Promotional single by Ariana Grande and Nathan Sykes

from the album The Mortal Instruments: City of Bones and Yours Truly
- Released: August 19, 2013
- Recorded: 2011
- Studio: Powerhouse Studios (London, England); London Bridge Studios (Los Angeles, CA);
- Genre: Pop; soul;
- Length: 3:30 (soundtrack version); 5:28 (album version);
- Label: Republic; Island;
- Songwriters: Harmony Samuels; Helen "Carmen Reece" Culver; Al Sherrod Lambert; Moses Ayo Samuels; Olaniyi Michael Akinkunmi; Ariana Grande;
- Producer: Harmony

Ariana Grande promotional singles chronology
| "L.A. Boyz" (2012) | "Almost Is Never Enough" (2013) | "Best Mistake" (2014) |

Music video
- "Almost Is Never Enough" on YouTube

= Almost Is Never Enough =

"Almost Is Never Enough" is a song recorded by American singer Ariana Grande and English singer Nathan Sykes. The pop and soul-influenced track was written by Carmen Reece, Al Sherrod Lambert, Moses Ayo Samuels, Olaniyi Michael Akinkunmi, Grande, and its producer, Harmony Samuels. Two official versions of the song exist. A shortened version is included on the official soundtrack for the 2013 fantasy film The Mortal Instruments: City of Bones and was released August 19, 2013, via Republic Records as a second promotional single from the same, following Colbie Caillat's "When the Darkness Comes" on July 10, and a longer version was remastered for inclusion on Grande's debut studio album, Yours Truly (2013).

==Composition==
The song is composed using the key of D Major.
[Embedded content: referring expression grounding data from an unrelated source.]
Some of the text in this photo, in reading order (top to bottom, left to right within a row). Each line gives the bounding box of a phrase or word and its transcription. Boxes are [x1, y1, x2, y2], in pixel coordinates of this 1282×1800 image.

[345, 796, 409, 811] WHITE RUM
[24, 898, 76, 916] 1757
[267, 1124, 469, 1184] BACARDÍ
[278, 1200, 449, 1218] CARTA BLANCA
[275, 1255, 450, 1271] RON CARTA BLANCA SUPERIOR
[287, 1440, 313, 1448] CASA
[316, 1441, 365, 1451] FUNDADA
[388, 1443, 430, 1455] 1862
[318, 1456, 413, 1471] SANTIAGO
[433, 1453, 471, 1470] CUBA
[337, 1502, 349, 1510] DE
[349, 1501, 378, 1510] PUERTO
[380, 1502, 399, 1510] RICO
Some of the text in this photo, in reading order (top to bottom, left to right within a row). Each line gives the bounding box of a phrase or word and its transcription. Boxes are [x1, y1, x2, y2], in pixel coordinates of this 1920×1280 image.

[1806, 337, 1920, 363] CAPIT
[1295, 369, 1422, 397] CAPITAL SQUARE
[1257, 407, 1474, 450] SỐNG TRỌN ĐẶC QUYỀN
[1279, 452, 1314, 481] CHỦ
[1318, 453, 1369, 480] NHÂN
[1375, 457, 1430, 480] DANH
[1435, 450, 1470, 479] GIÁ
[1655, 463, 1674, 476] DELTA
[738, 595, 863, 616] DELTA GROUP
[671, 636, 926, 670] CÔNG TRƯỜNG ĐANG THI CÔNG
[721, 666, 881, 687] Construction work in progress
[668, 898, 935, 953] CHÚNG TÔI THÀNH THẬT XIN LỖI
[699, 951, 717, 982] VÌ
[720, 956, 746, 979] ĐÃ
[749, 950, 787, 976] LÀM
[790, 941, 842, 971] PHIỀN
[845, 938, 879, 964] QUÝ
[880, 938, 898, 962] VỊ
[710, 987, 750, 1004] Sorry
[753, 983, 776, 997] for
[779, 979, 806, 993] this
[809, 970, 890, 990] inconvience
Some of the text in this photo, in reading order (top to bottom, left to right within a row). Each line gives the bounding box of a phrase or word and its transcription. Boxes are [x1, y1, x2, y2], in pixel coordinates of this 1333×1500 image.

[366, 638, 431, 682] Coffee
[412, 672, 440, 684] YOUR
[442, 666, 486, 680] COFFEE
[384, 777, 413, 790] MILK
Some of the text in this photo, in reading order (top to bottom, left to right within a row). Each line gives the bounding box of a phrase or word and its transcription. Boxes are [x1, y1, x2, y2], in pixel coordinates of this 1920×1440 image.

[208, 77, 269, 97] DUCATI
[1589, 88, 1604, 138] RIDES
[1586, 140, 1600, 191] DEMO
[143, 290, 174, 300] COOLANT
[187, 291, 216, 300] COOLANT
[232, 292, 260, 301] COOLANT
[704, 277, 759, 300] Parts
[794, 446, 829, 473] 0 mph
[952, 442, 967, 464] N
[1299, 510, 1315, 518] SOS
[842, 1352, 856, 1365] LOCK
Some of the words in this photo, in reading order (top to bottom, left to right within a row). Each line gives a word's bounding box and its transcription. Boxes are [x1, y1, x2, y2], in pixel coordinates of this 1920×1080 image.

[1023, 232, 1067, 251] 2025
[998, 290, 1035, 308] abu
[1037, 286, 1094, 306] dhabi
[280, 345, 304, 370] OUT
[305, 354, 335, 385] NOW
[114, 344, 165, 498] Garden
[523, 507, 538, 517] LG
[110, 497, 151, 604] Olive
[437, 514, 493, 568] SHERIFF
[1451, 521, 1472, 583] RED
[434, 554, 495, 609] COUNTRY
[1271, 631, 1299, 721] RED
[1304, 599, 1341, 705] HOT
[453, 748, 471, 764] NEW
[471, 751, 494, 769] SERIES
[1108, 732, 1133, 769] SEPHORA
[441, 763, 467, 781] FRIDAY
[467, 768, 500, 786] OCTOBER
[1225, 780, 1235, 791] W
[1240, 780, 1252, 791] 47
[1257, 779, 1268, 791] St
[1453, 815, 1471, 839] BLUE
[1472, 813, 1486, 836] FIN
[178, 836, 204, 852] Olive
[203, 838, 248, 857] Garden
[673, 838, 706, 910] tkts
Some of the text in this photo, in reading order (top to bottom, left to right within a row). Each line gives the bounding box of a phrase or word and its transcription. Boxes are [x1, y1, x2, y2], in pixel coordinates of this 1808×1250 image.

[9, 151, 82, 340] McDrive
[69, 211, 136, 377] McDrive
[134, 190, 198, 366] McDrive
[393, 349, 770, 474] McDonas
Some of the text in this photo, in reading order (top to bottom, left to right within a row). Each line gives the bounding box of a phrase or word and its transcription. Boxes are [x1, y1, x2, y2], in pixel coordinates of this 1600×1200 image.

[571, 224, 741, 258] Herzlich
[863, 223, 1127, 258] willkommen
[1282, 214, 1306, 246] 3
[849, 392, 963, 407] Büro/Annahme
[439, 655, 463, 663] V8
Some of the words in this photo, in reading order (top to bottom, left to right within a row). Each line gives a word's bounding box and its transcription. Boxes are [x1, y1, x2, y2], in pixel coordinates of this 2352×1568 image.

The duo's vocal range spans 2 octaves and 2 notes, from F#3 to D6.

==Critical reception==

The duet received primarily positive reception. Idolator editor Mike Wass called "Almost Is Never Enough" a "glorious" and "soulful" anthem and praised the collaboration between the two artists; "The simple production is timeless and showcases Ariana’s powerful pipes superbly. And who knew Nathan could sing like that? 'Almost Is Never Enough' is a revelation all around and promises very good things for Grande's debut album." Brent Faulkner of Star Pulse found the duet to be a pleasantly surprising blend of modern and classical elements and noted that the song "should be sappy but isn't". This sentiment was mirrored by Popdusts Andrew Unterberger, who observed that the song "manages to mostly stay out of the way of its two talented young vocalists... and lets them carry it with the strength of their voices, and of the song itself. The result is a ballad that’s surprisingly mature and classic sounding." Unterberger also drew comparisons to Mariah Carey, and her Boyz II Men duet "One Sweet Day" also Brandy and Wanya Morris's "Brokenhearted" in particular.

==Charts==

===Weekly charts===

| Chart (2013–2016) | Peak position |
|---|---|
| Ireland (IRMA) | 56 |
| Scotland Singles (OCC) | 60 |
| South Korea International Chart (Gaon) | 4 |
| UK Singles (OCC) | 49 |
| US Billboard Hot 100 | 82 |

===Year-end charts===

| Chart (2015) | Position |
|---|---|
| South Korea International Chart (GAON) | 113 |

| Chart (2016) | Position |
|---|---|
| South Korea International Chart (GAON) | 52 |

==Certifications==

| Region | Certification | Certified units/sales |
| Australia (ARIA) | Platinum | 70,000^{‡} |
| Brazil (Pro-Música Brasil) | Gold | 30,000^{‡} |
| New Zealand (RMNZ) | Platinum | 30,000^{‡} |
| United Kingdom (BPI) | Silver | 200,000^{‡} |
| United States (RIAA) | Platinum | 1,000,000^{‡} |
^{‡} Sales+streaming figures based on certification alone.